A TAPERA DA JANELA AZUL
O cotovelo cheio de calos, rombudas pregas de desgaste repetido, açoitado pela curiosidade em olhar para o velho umbuzeiro dono de uma sombra secular e grandiosa, aguardava com sofreguidão o surgimento daquele a quem amara desde sempre. Os velhos olhos espichados não tinham ânimo para correr para mais distante; sempre paravam na sombra, para descansar o tempo de espera.
A menina de cinquenta anos viveu a infância e a adolescência com o vigor dos campos robustos; rolou por cima dos dias durante todos os tempos de sol e chuva, de luz e noite, de risos cobradores de presenças e esperanças. Era filha única, senhora e escrava, rainha e súdita. Tinha um pai...

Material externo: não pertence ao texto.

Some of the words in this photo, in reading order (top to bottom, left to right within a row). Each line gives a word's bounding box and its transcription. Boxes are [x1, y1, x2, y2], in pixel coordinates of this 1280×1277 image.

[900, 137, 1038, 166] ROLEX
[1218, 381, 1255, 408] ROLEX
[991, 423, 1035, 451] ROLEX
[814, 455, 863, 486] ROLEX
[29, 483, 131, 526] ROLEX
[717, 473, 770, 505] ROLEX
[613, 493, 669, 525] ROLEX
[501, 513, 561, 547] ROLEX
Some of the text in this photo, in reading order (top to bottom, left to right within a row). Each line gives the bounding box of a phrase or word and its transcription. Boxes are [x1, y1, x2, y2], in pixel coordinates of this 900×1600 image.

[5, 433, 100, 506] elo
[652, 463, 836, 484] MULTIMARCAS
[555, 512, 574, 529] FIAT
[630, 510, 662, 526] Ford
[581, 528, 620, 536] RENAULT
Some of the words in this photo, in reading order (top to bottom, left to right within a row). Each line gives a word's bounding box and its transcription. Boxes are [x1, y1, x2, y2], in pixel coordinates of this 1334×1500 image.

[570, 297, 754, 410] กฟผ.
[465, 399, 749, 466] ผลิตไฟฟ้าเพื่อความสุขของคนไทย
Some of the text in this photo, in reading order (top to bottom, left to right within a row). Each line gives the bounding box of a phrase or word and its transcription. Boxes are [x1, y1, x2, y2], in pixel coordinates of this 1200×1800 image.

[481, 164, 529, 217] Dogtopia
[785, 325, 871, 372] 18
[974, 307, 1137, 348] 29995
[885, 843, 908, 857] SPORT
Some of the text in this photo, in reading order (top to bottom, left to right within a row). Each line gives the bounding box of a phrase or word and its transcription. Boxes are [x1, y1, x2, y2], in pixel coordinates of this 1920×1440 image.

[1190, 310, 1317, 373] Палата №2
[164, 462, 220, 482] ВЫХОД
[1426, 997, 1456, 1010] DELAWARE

A única alegria de Circe era a janela pintada de azul, que seu pai num dia de fazer nada, fez a janela azul. Nunca perguntaram por que azul; não havia nenhuma razão para perguntas, nem para respostas; se não existia curiosidade porque apenas não desfrutar da janela azul? Estava lá, à disposição de qualquer boca disposta a sorrir com ela ou pra ela, a janela pintada de azul.
À sua frente, derramada no mundão de Deus, a terra mendigando água, flores e galhos, também olhava pra trás só para ver a janela pintada de azul. João, Pedro e Antonio viajavam dias e dias só para ver, quando o sol abria sua janela branca de luz, aquela janela, na velha tapera, pintada de azul. Olhavam para a janela, olhavam um para o outro e partiam de volta para a distância da janela azul. Quando estavam bem longe, programavam outra viagem pensando e sonhando com a linda janela azul.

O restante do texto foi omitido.